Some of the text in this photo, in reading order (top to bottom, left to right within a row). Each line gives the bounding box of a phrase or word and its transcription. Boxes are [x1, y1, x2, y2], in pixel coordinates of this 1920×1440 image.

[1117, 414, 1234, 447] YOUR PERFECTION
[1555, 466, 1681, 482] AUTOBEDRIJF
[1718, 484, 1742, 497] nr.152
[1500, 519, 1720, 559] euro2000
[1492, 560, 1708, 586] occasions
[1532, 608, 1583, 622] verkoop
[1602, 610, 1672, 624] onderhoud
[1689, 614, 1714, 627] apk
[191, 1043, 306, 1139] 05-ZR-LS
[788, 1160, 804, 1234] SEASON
==================================================
■ Description of the task:
The records above need copying again. Keep each word as it is.

■ Problem solution:
Some of the text in this photo, in reading order (top to bottom, left to right within a row). Each line gives the bounding box of a phrase or word and its transcription. Boxes are [x1, y1, x2, y2], in pixel coordinates of this 1920×1440 image.

[1117, 414, 1234, 447] YOUR PERFECTION
[1555, 466, 1681, 482] AUTOBEDRIJF
[1718, 484, 1742, 497] nr.152
[1500, 519, 1720, 559] euro2000
[1492, 560, 1708, 586] occasions
[1532, 608, 1583, 622] verkoop
[1602, 610, 1672, 624] onderhoud
[1689, 614, 1714, 627] apk
[191, 1043, 306, 1139] 05-ZR-LS
[788, 1160, 804, 1234] SEASON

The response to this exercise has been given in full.